MicroStrategy kämpft mit Milliardenverlusten durch Bitcoin-Investitionen
Verena GuteMicroStrategy kämpft mit Milliardenverlusten durch Bitcoin-Investitionen
MicroStrategy (MSTR) steht vor erheblichen finanziellen Herausforderungen durch seine Bitcoin-Investitionen. Das Unternehmen verzeichnete im ersten Quartal einen Nettoverlust von 5,91 Milliarden US-Dollar, bedingt durch nicht realisierte Verluste bei seinen Beständen.
MSTR hält 528.185 Bitcoin, die zu einem durchschnittlichen Preis von knapp 67.500 US-Dollar pro Stück erworben wurden. Trotz eines Wertzuwachses von 14 Prozent bei seinen Beständen hat die Marktvolatilität die Performance belastet. Die Aktie verlor am Montag 9 Prozent und verbuchte damit im Jahresverlauf einen Rückgang von 10 Prozent.
Im letzten Quartal beschaffte das Unternehmen 7,69 Milliarden US-Dollar, davon 4,4 Milliarden durch den Verkauf von Stammaktien. Der Rest stammte aus der Platzierung von Vorzugsaktien. Aufgrund der aktuellen Marktunsicherheit hat MSTR diese Woche jedoch vorerst weitere Bitcoin-Käufe ausgesetzt.

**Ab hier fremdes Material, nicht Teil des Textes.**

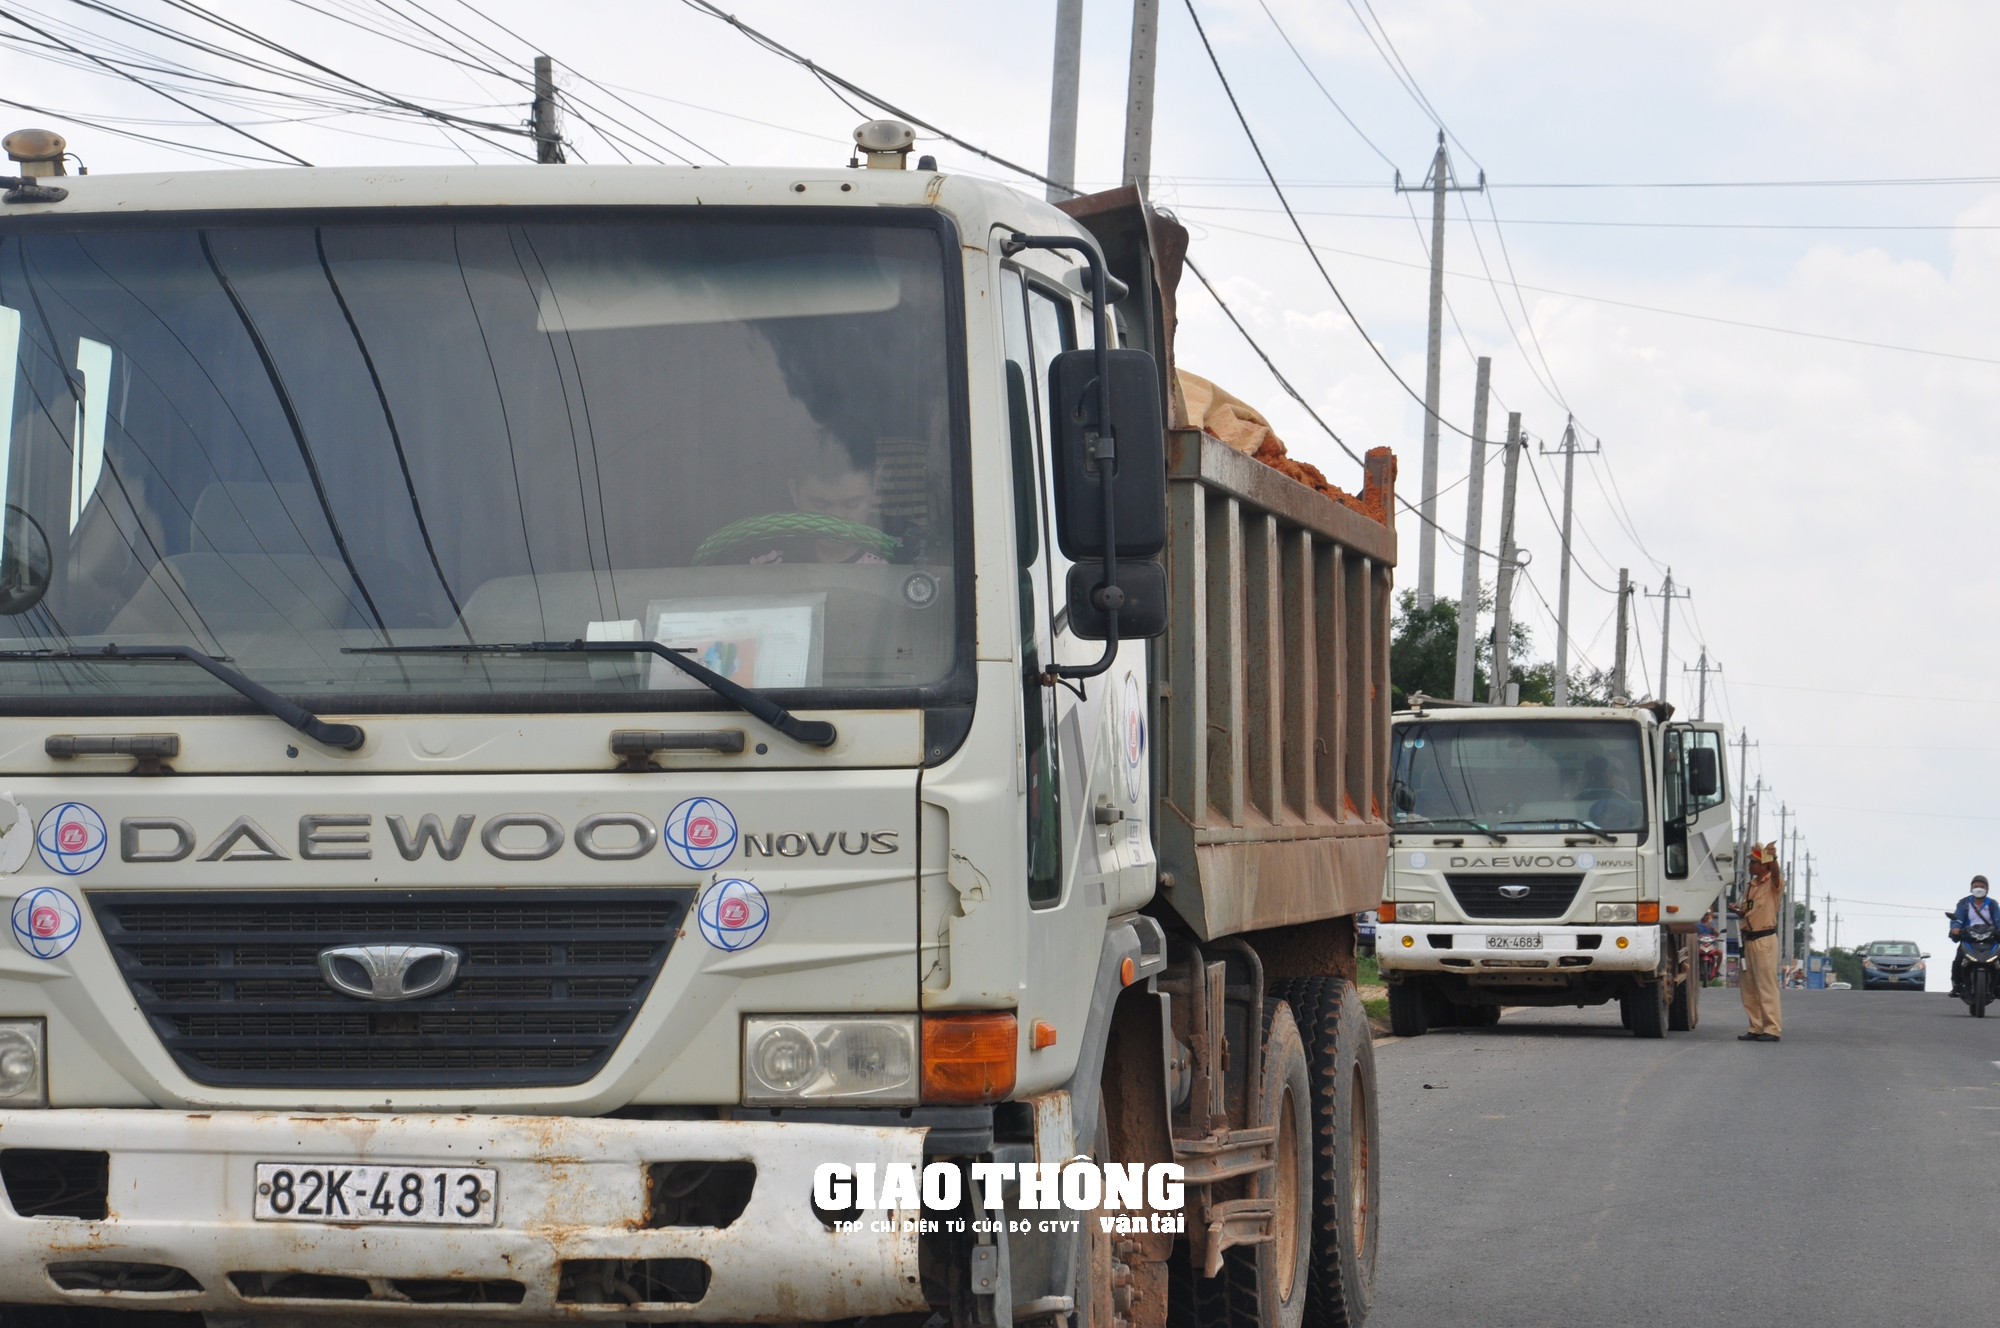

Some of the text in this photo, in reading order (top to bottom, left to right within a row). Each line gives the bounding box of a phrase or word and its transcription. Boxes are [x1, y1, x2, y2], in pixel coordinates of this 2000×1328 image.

Neue Bilanzierungsregeln und sich wandelnde Marktbedingungen stellen die finanzielle Stabilität von MSTR auf die Probe. Die Entscheidung, die Käufe zu stoppen, könnte eine Überprüfung der Kapitalbeschaffungsstrategie signalisieren. Die kommenden Monate werden zeigen, wie sich das Unternehmen an diese Herausforderungen anpasst. Besonders im Fokus steht, ob es gelingt, trotz der Volatilität Stabilität zu wahren. Die Situation unterstreicht, wie wichtig ein sorgfältiges Risikomanagement bei Krypto-Investitionen ist.